An attacker may only be interested in disabling services on your network. In this video, you’ll learn about many different forms of denial of service attacks.
A denial of service occurs when an attacker forces a service to fail. This is an intentional process where the attacker may be overloading a service so that no one else can gain access. Or the attacker may be taking advantage of a known vulnerability or design failure with that particular system. This is another reason why we always say to keep your systems always up to date with the latest patches.
There are also documented cases where an organization may create a denial of service to a third party as a competitive advantage. If you can remove your competitor from the internet, then there is an obvious advantage to be had. And it may be that the denial of service is simply a distraction or smokescreen so that some other vulnerability can be exploited elsewhere in the organization. And although it’s true that sometimes this denial of service occurs because of a vulnerability in software, sometimes, it’s a very easy process, for example, removing the power from a system is a very simple way to create a denial of service situation.
Sometimes, we create a denial of service to ourselves. This can be easily done if you aren’t paying attention. For example, you may be plugging in two switches to each other, and then you plug those two switches into each other again, which effectively creates a loop. And if you’re not running spanning tree, then you’ve probably brought down that particular part of the network, creating a denial of service.
You could also create a denial of service by simply downloading a file. For example, if you need to download a large Linux distribution, and all you have is a very small DSL line, you may be using all of the bandwidth that would normally be associated with your production applications. And I have worked for organizations where the water line was placed above the ceiling of the data center. And unfortunately, that water line broke. This certainly caused panic for everyone in the IT department. And it also caused a denial of service.
The attackers, though, don’t count on one single device to try to bring down an entire set of servers. Instead, they will use multiple devices located all over the world to create a Distributed Denial of Service, or DDoS. For example, they may use a large number of computers scattered all over the world to use up all of the bandwidth or resources associated with a web server, which would effectively cause this denial of service issue.
Obviously, the attacker is not sitting at the workstation of all of these devices that are located all over the world. Instead, they’ve put malware on these devices and created a series of botnets. These are robot networks that are under the control of the attacker. And the attacker can simply tell the botnet in one single command to attack a particular web server. As an example of just how prevalent this can be, the Zeus botnet had over 3.6 million computers under their control at their peak.
This allowed the owner of the botnet to basically attack any device or any system that they would like all by sending a single command to their botnet. We sometimes refer to this as an asymmetric threat because the attacker has relatively few resources, and they can easily bring down organizations that have many more systems and much more bandwidth than they do.

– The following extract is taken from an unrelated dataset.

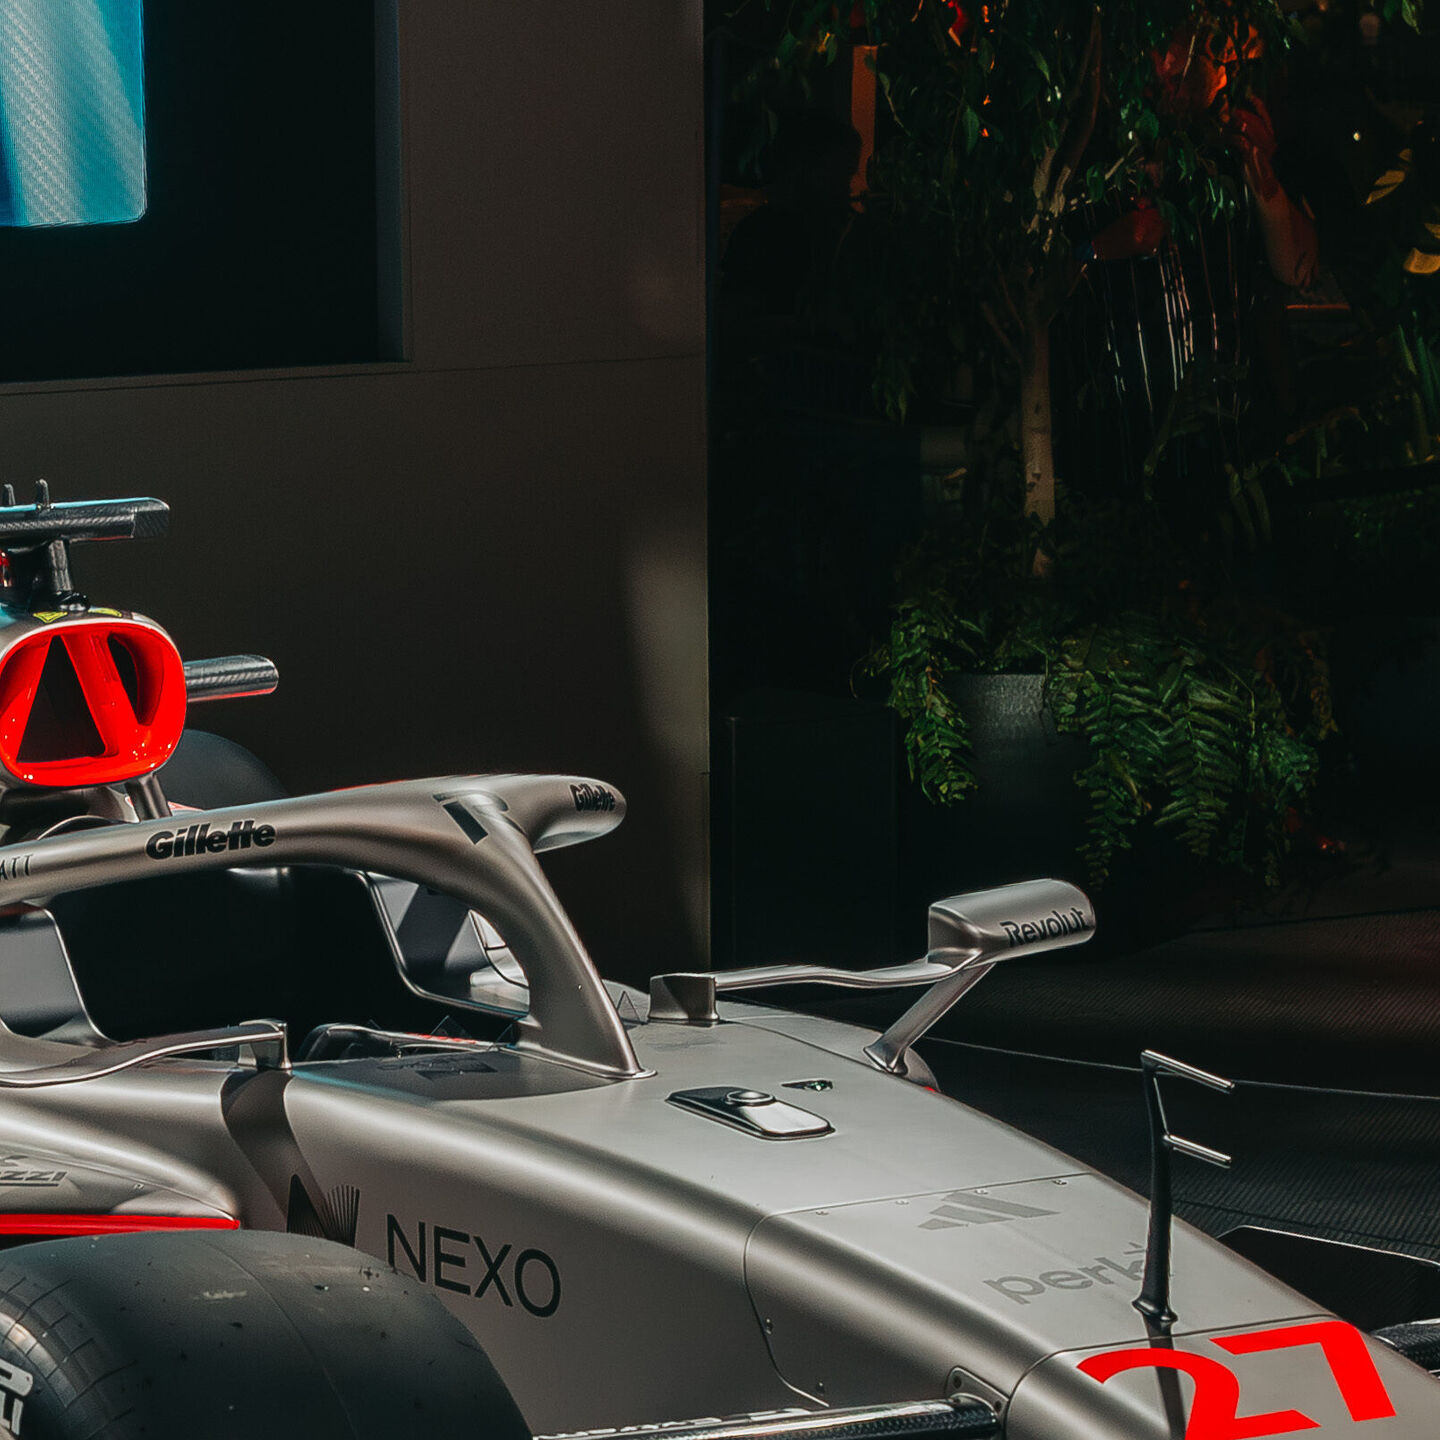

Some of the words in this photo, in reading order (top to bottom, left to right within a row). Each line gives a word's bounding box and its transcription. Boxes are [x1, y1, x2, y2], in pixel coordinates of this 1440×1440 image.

[145, 819, 277, 861] Gillette
[999, 907, 1087, 948] Revolut
[387, 1213, 562, 1318] NEXO

The attackers have also found that they can create a much more efficient attack if they can send large amounts of data to these devices to effectively bring them down even faster. And the attackers have found that there are ways that they can send small amounts of data that are suddenly amplified into very large amounts of data to cause the denial of service. This process of reflecting and amplifying the amount of traffic being sent over the network is possible because they’re taking advantage of internet services that are available to anyone.
You can see this amplification occur with certain protocols. For example, when you request information from an NTP server, you generally receive back more information than you requested. The same thing applies to DNS requests, ICMP requests, and other types of very common protocols. Here’s a very common example of DNS amplification. This is a DNS query. You can see the dig command. This dig command is requesting any information over a particular domain name. And the domain they’d like to find is isc.org.
So you’re sending very little information out, only 15 characters. But notice that the results of what’s returned is about 1,300 characters. Or you’re effectively amplifying this by about 86 times. You can see how this might be appealing for an attacker because they can use DNS service, which is very common, send very little information into the DNS, and have the victim receive a large amount of information in return.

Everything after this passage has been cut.